Sunday, June 19, 2011

Concept 2

Just spent 4 days in Paris. What a beautiful city: amazing pastries, grand architecture, complex history, bolungrie, patisserie, velib, metro, Louvre, Pompidou and so much more. We walked into this amazing store - a temple of decorative food. You could find so many kinds of food but the emphasis is on aesthetics, beauty; a total experience for all senses. While being amazed by this beauty I was also thinking about the bums in the street sleeping in their cardboard boxes. The thought that came to my mind was how hypocritical we have to be to ignore others' sorrow, loneliness and suffering while roaming the air conditioned aisles of this temple of decadence. At the same time I was at awe of this miraculous place.

All this has nothing to do with the second concept of being a gay dad. The second concept revolves around the question of whether or not gay people should raise kids at all. If I link this to the previous post I would say something like this: if I am able to set aside the general debate about bringing kids into this world at all despite of all the negative I see in the world, then why should two men who technically cannot have kids, "cheat" their way into having kids. Perhaps nature intends that this shouldn't happen. I think that being gay is not something you choose but something that you are by nature. In the greater scheme of things, being gay might be a choice of nature to reduce population, to slow down the natural procreation of the species. I know this is a rather radical thought and it may not necessarily be right but it is a thought. This thought goes hand in hand with the idea that plague and disease are also means of diluting the world's population. Radical again; I know. But still, when searching for answers, I bumped into many thoughts. Some blew away with the wind and some stayed, lingered in my mind and finally sank in. These thoughts may not reflect the truth – if a single truth exists – but they suggest an option, a possibility. That was enough grounds to set a contemplation going, a train of thought that dragged me along for some time.

When finally I got off that train, I felt that even though I cannot reproduce on my own, I can provide a loving caring home for kids and raising a family together with my husband will be a realization of so many aspects of me while neglecting this aspiration will be a betrayal of something so basic in me: the family connection that is imprinted in me.
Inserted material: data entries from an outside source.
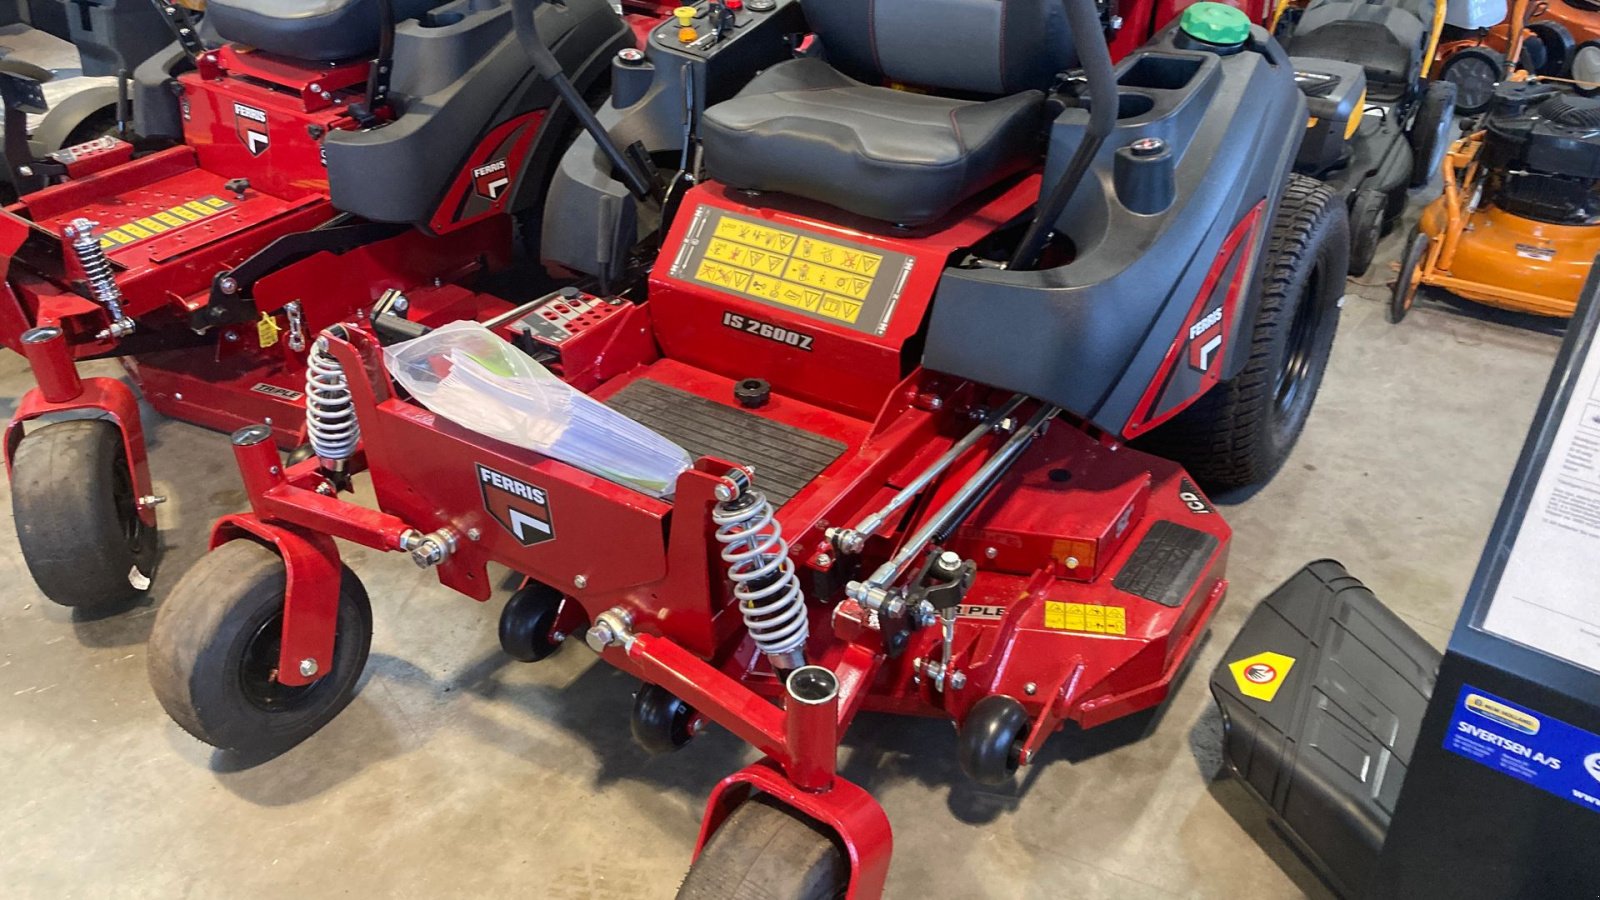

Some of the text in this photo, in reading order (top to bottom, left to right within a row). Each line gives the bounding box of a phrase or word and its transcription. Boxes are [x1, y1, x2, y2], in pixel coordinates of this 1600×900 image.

[234, 103, 266, 122] FERRIS
[473, 160, 506, 178] FERRIS
[723, 312, 813, 351] IS 2600Z
[1189, 307, 1223, 340] FERRIS
[479, 467, 546, 505] FERRIS
[1457, 721, 1533, 759] SIVERTSEN
[1532, 752, 1562, 770] A/S
This may sound as a fickle reason for overcoming such a deep and meaningful conflict but I've learned that sometimes, comparing two things is not as easy as you would think. How can you weigh the inner call for reproduction – a concept that you grow up with, being fed with, inhaling & breathing it from the moment you are born – against the idea that having kids as a gay parent I s not nature's call? What has a stronger influence on you? How can you tell what is the correct path for you? It's funny but I don't really know – still – how to make that call because both ideas have a strong grip on me. Yet, eventually, our choice was to bring kids into the world and I have to say that I simply set aside my thoughts about nature's choice and stuck with my basic internal instinct; I could not find a reasonable logical solution for this conflict. I guess I will have to try becoming a parent first and then I might have an answer.

Friday, May 6, 2011

On the way to being a dad - concept 1

it's been something like 4 years and a week since i started this journey together with avner. it was a long debate on the "how-to-do" which finally led us here to san diego.
sounds simple? not at all.
the general idea was that we wanted to have kids in the house. for me, it was always there; i always knew that i want to have kids and be a dad. i come from a big family that has always kept close and warm relationships so i did not have a question mark at the end of this idea. how ever, as years flew by, questions did start popping up in my mind about the essence of my desire to have kids.
these questions or actually thoughts revolve around several concepts. the concept of me as a man, part of humanity, a member of society in the 21st century. i found myself in an endless loop, thinking that it would be a bad idea to raise children in the world we have created. the basic theme of nature: the survival of the fittest is on the one hand an amazingly powerful an efficient tool we call evolution while on the other hand, we as mankind consume our planet and it's resources, kill people and nature. the cost of being on the stronger side is tremendous: you have to be born in the right color, on the correct land, with the right name. to be able to buy the right clothes, to have the moral right to kill the bad people on the wrong side, to expel man and animal from their land in order to claim it your own. it seems to me that we could have had things in a different way. while bragging that we are the only species that is self aware, i would expect that the urge to kill and destroy lesser beings would diminish and be reduced, finally replaced by the understanding that working together is a better idea that will serve mankind purposes better. so, yeah. this first concept brings up the question of why bring kids into this world if all they have to do is struggle. struggle for food, for a place in "the right" kindergarten, in the better school, the best university, the land, the money, the rights to feel and think differently, to be loved, to love, to be desired, to consume, to have a greener lawn. why is it a good idea to have children witness evil, wars, television, violence, crime, drugs, killing, death, loss, pollution and so on? just so that they could also witness beauty? love? passion? what are the positives that balance out the so many negatives? generally speaking, i think that not existing in the first place, rules out the need to try and create this balance, while being aware that i might be totally wrong in my desire for balance.